I tried lining with parchment paper, and it stuck to the soap bottom like crazy.  I eventually needed to melt it down and press it through a filter to get out all the bits I couldn't scrape away.  Is this an issue with my base not having enough oil, or did I pour too hot?  I'd love to be able to use my loaf pans, as they have a really cute design to their shape!


----------



## Khanjari (May 16, 2014)

I never try using my cooking vessels for soap making so I am really not sure.  I love silicone bake ware for soap molds as they demold so easily


----------



## Susie (May 17, 2014)

jules92207 said:


> I realized this week the little egg cartons WSP sends fragrances in would make a good mold too. I see new possibilities all the time.



I painted mine with melted beeswax to seal the cardboard, then allowed them to harden/cool.  I used them for CP molds.  Worked fine.  I don't see why it would not work for MP.


----------



## Khanjari (May 17, 2014)

Susie said:


> I painted mine with melted beeswax to seal the cardboard, then allowed them to harden/cool.  I used them for CP molds.  Worked fine.  I don't see why it would not work for MP.



I think that depends on the melting point of wax vs. Soap if the top rather of the melted soap is high enough, it could melt the wax.... wouldn't it?


----------



## Khanjari (May 17, 2014)

I don't know what my phone typed....... SORRY! 
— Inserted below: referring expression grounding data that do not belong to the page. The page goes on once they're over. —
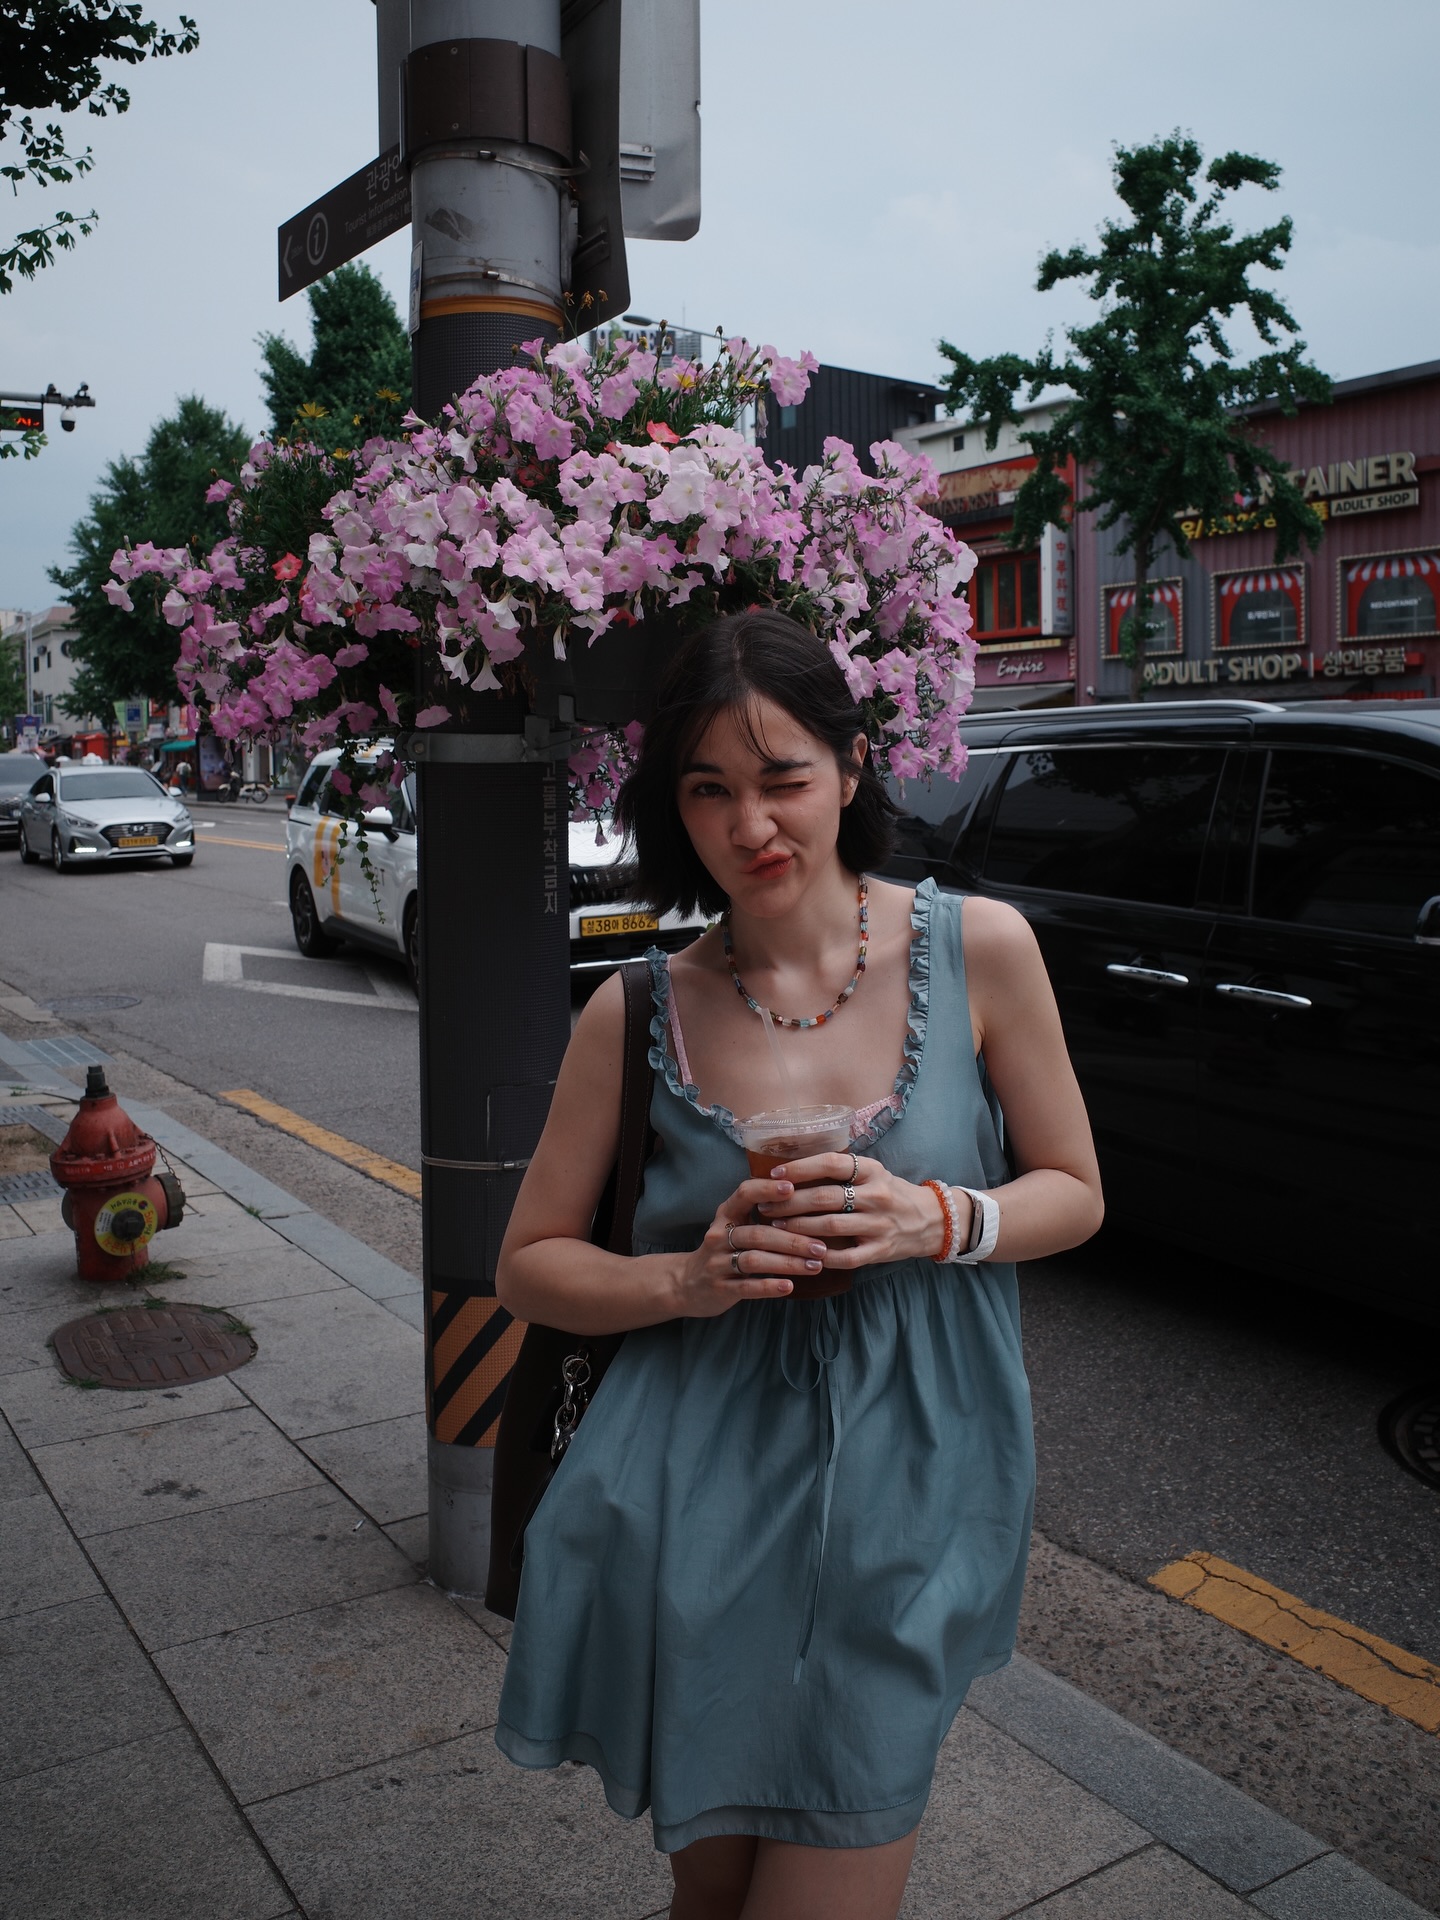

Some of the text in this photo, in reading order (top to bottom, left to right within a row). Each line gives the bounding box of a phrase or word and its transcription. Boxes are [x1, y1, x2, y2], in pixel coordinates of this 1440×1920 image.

[368, 187, 408, 219] Information
[1335, 498, 1374, 513] ADULT
[1377, 492, 1410, 507] SHOP
[997, 656, 1045, 679] Empire
[1143, 646, 1406, 685] ADULT SHOP 성인용품
I meant that if the temperature of the soap is high enough,  it might melt the wax


----------



## paillo (May 17, 2014)

Thrift stores are treasure troves for molds. I have several silicone loaf molds that are awesome and cost a buck or two.


----------



## navigator9 (May 17, 2014)

I love Crystal Lite containers for round (disc shaped) soaps! I don't do M&P, but they work great for CP. Here's what I do. Save the lid. Carefully cut off the bottom, you can stab it (careful!) with a knife and then use heavy duty scissors, or just use a serrated knife. This end will be a little uneven, so it will become the top. Put the lid on the smooth end, and this becomes the bottom. Reinforce it with duct tape, in case you need to pick it up and move it once it's filled with soap. My CP recipe slides out like a dream. I have tried some recipes where I've had to put it in the freezer to get it out, but not often. When you're ready to remove, just take off the lid, and push it out. I do not line it or grease it at all, and the soap slides out and is smooth as glass.


----------